- Born: 1230
- Died: 1294 (aged 63–64)

= Gazo Chinard =

Gazo Chinard (1230–1294) was a French noble lord, brother or son of Philippe Chinard and vassal of Manfred of Sicily and Charles of Anjou. After the assassination of Philippe Chinard by Michael II of Epirus, Gazo enraged by the act, handed over the territories to Charles of Anjou, who in return appointed him as captain general of Corfu.

The same year as Charles' envoy, he tried to persuade local noblemen and commanders in Albania to surrender Manfred's domains in Albania to Charles of Anjou, but they refused to do so.

In 1272, when Charles of Anjou proclaimed the Kingdom of Albania, he appointed Gazo Chinard as his Vicar-General. In 1273 he was replaced by a French governor.

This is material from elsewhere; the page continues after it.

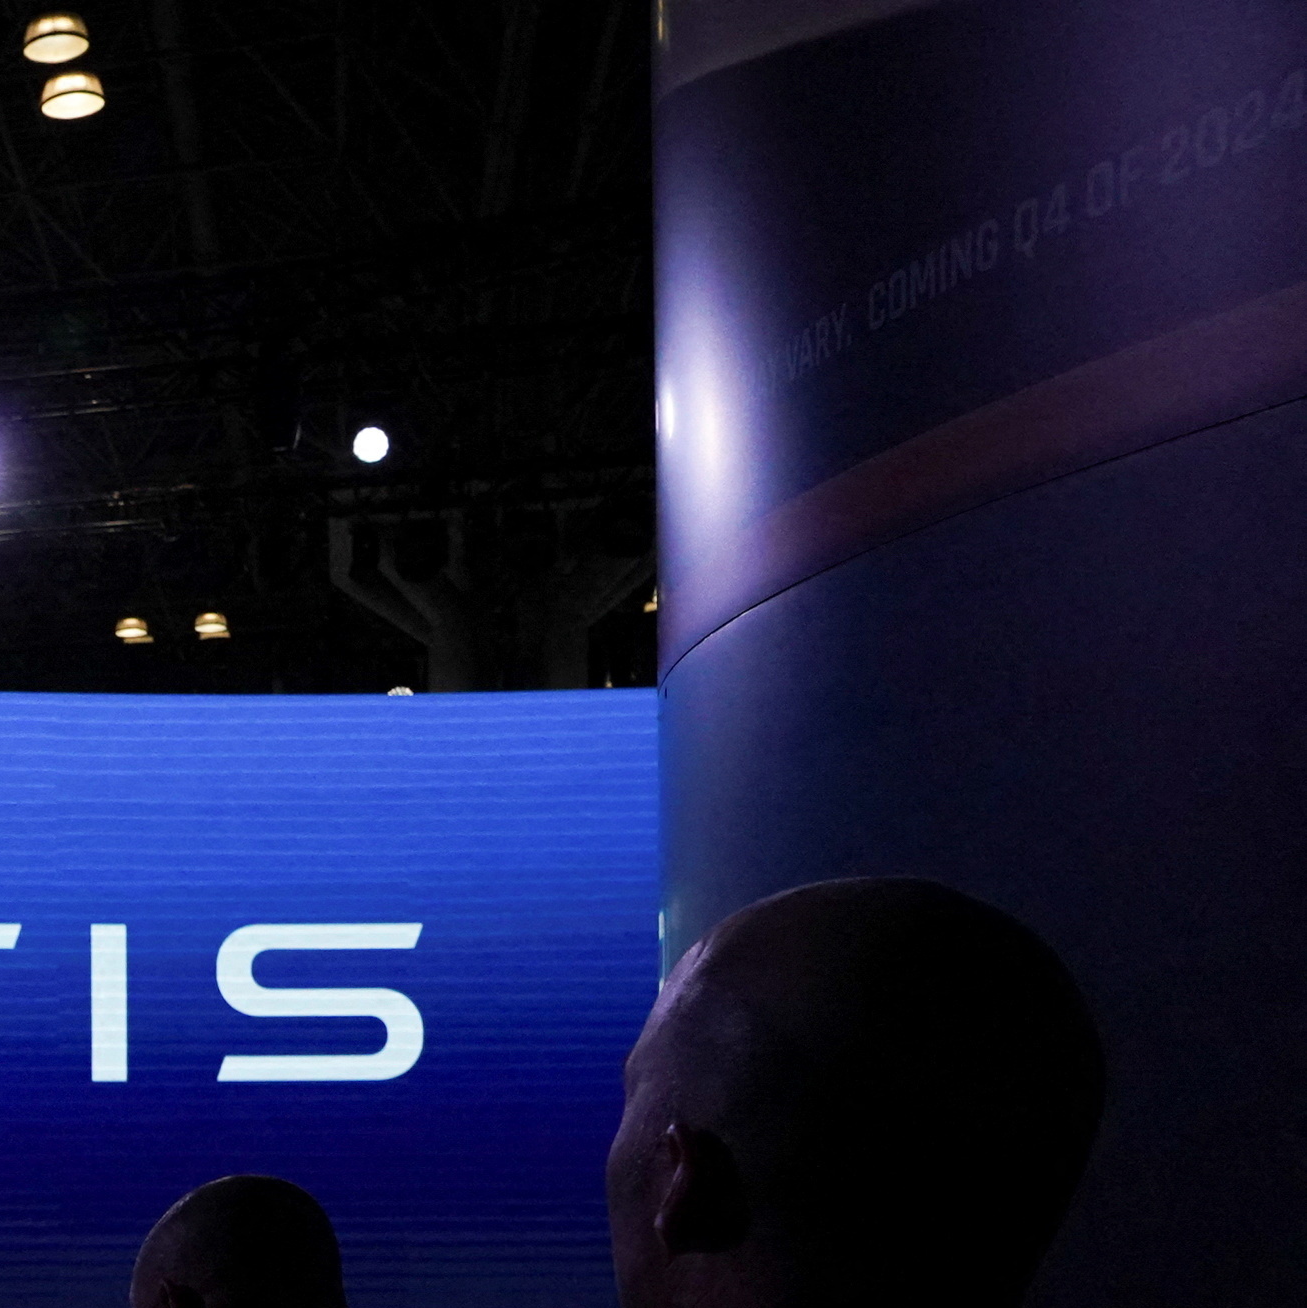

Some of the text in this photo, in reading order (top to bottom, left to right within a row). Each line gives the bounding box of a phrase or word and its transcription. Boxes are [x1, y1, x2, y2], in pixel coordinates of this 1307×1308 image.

[867, 218, 1001, 330] COMING
[1014, 182, 1070, 258] Q4
[1086, 145, 1148, 217] OF
[1159, 69, 1307, 185] 2024

In 1274 he was in command of a fleet in Ischia. In 1278 he was one of Charles' vassals who was ordered to provide ships for his planned crusade. In 1279 he was the castellan of Bari and later on the commander of the whole fleet in Abruzzo and Apulia. In 1282 he participated in the attack on Sicily in an effort by Charles to recapture the island following the Sicilian Vespers, but with no success. He was removed definitively from command in 1283, on account of old age and he is not mentioned again in the sources.